# Breeder in Ohio, Cleveland area



## LAL (Jan 21, 2009)

I lost my boy Bentley on Christmas eve, he was 4 years old and had IBD. I am thinking about getting another Maltese and am looking for a breeder in the Cleveland, Ohio area but am willing to travel a couple hours in any direction. I can't find much information on the internet for Ohio breeders but have found several in PA. Has anyone had any experience with Debbie Palmieri, Josymir's, Chrisman or MellaMaltaMaltese. I found a lot of good information on all of these. I would prefer something closer but after going through Bentley's illness, I just want a healthy dog and am willing to drive a little distance to get one. I realize there are no guarantees but when I got Bentley I did not know anything about puppy mills and did not know that's where he came from and am doing thorough research this time around. Thanks for your input.


----------



## aggiemom99 (Dec 3, 2007)

QUOTE (LAL @ Feb 13 2009, 09:46 AM) index.php?act=findpost&pid=725537


> I lost my boy Bentley on Christmas eve, he was 4 years old and had IBD. I am thinking about getting another Maltese and am looking for a breeder in the Cleveland, Ohio area but am willing to travel a couple hours in any direction. I can't find much information on the internet for Ohio breeders but have found several in PA. Has anyone had any experience with Debbie Palmieri, Josymir's, Chrisman or MellaMaltaMaltese. I found a lot of good information on all of these. I would prefer something closer but after going through Bentley's illness, I just want a healthy dog and am willing to drive a little distance to get one. I realize there are no guarantees but when I got Bentley I did not know anything about puppy mills and did not know that's where he came from and am doing thorough research this time around. Thanks for your input.[/B]

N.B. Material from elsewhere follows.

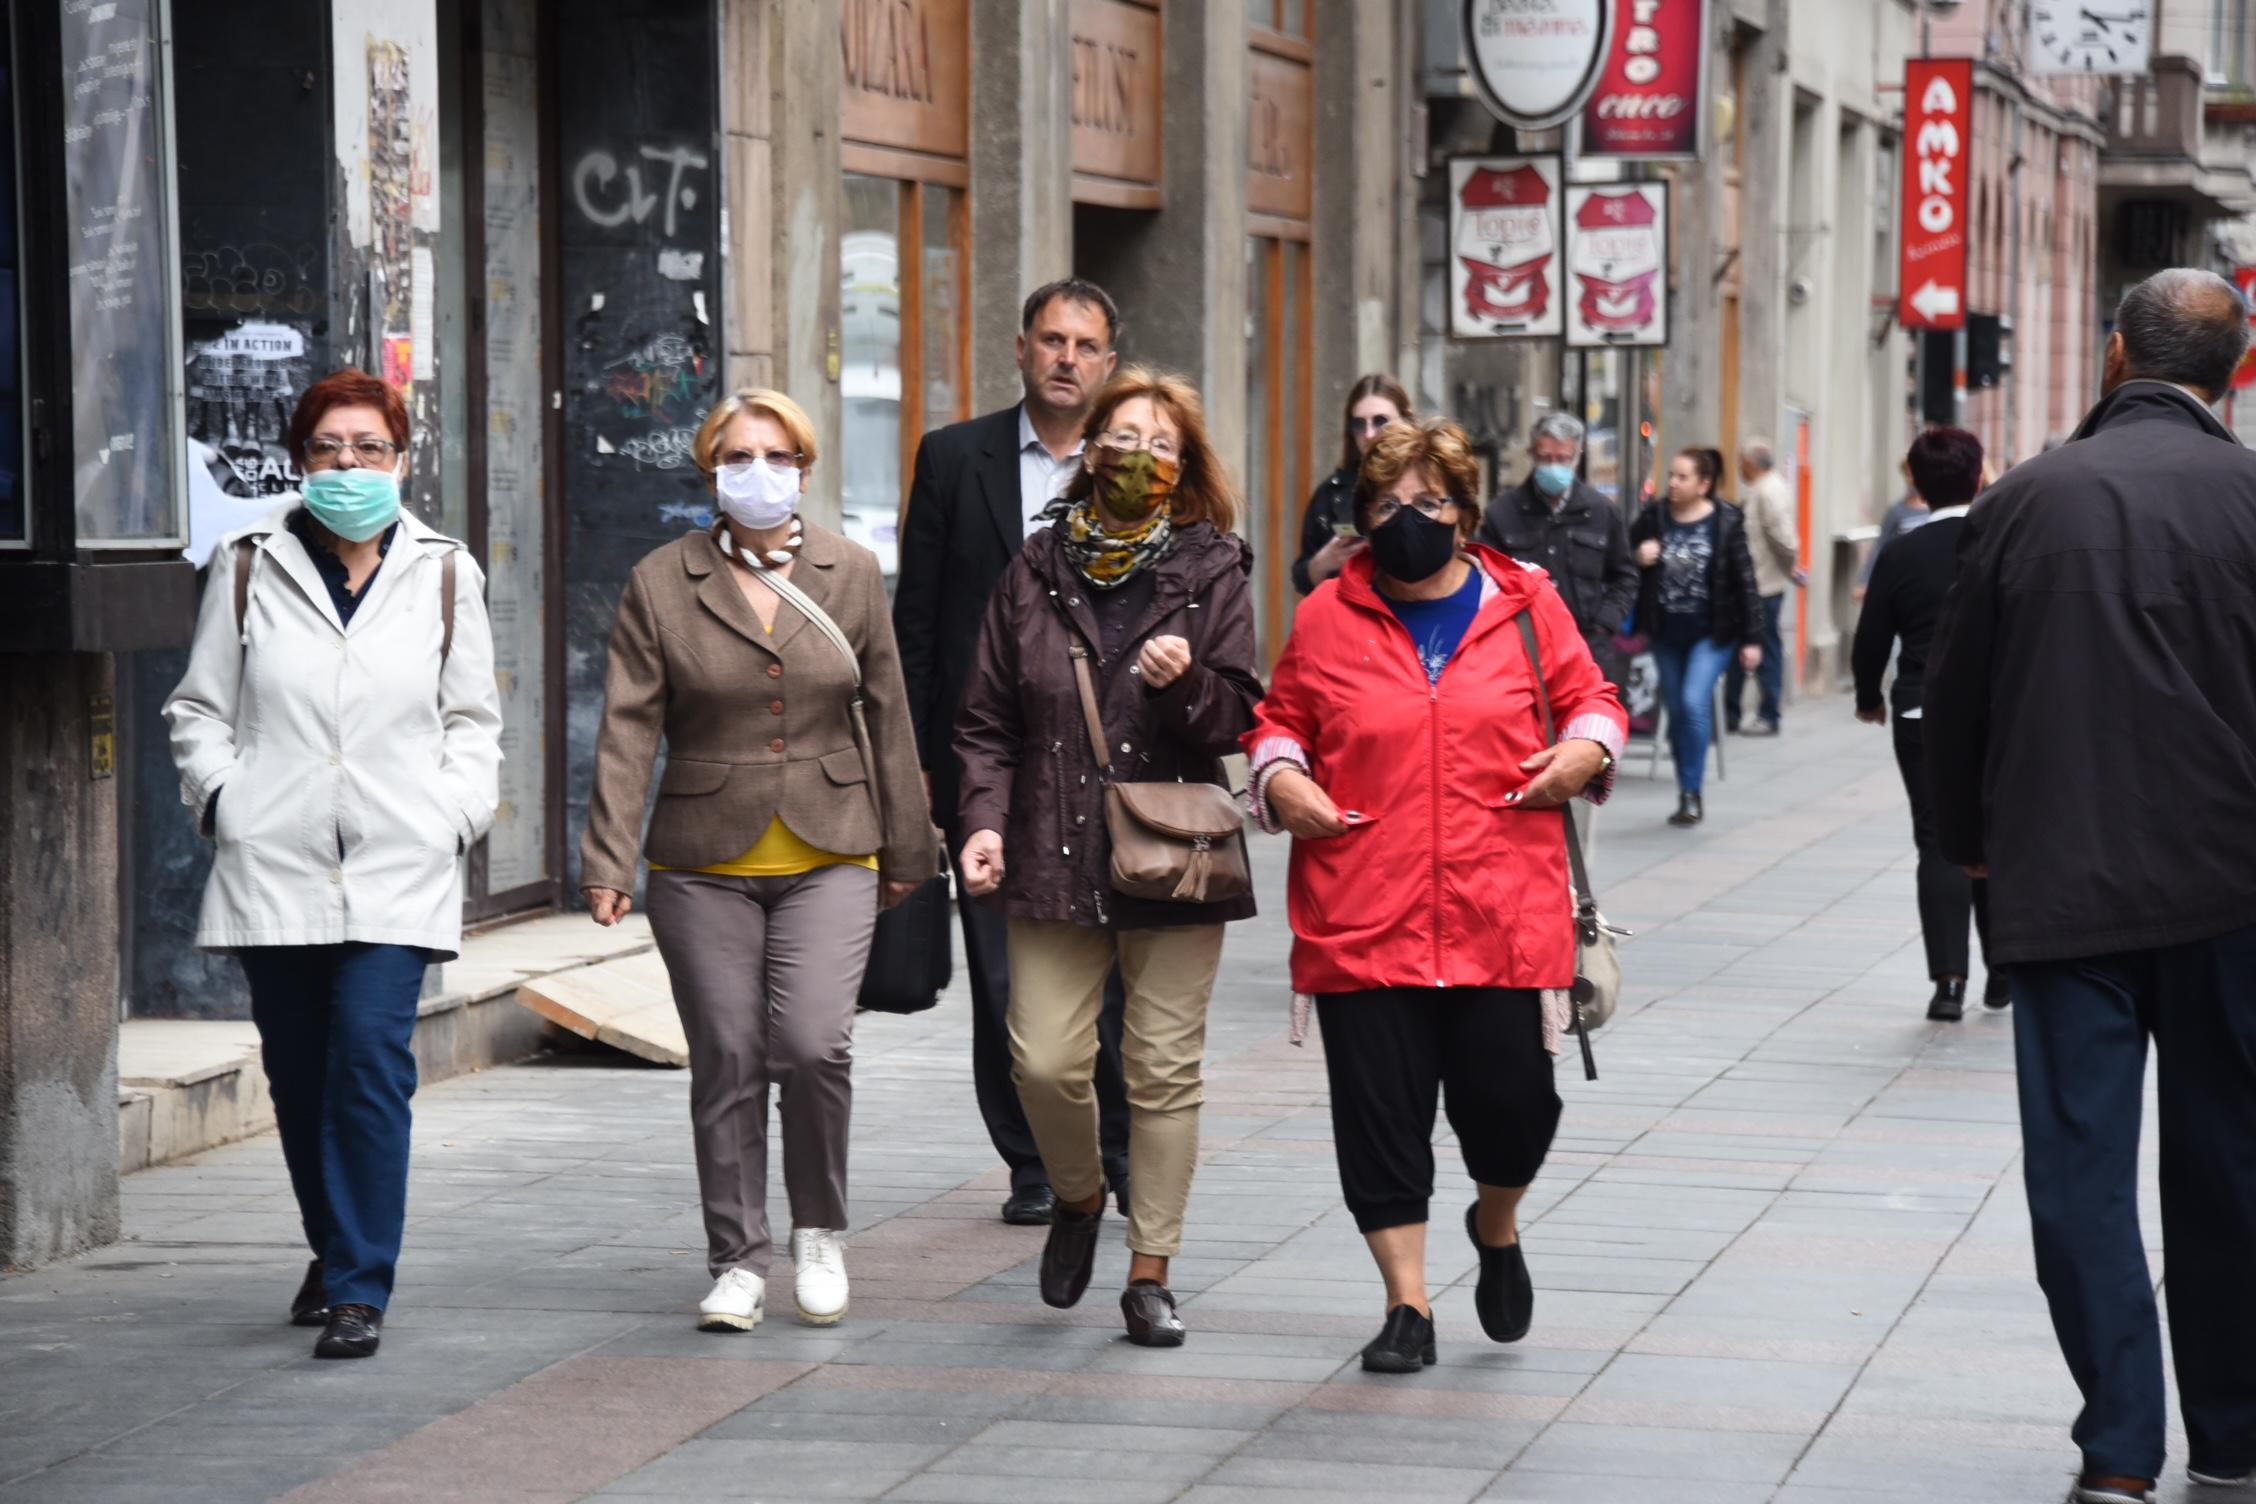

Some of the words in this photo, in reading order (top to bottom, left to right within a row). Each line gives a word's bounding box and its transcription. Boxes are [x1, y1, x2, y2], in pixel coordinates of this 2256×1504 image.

[1917, 75, 1960, 234] AMKO
[224, 339, 239, 352] IN
[244, 338, 293, 353] ACTION

Josymir and Chrisman are top breeders. Josy is very sweet.


----------



## Ladysmom (Oct 19, 2004)

I would get a Maltese from Josymir in a heartbeat!


----------



## mostlytina (Jan 3, 2009)

Hi, there...

I love Josy and I am getting one of her girl either in Spring or Summer. (depends on which one I end up with) She is helping me choosing between her pup and one of her retirees. She is VERY VERY nice. Last time I talked to her...(probably last week...) She still has a boy pup available in the same litter. I believe they will be ready late March. You might want to give her a call to see if the baby boy is still available.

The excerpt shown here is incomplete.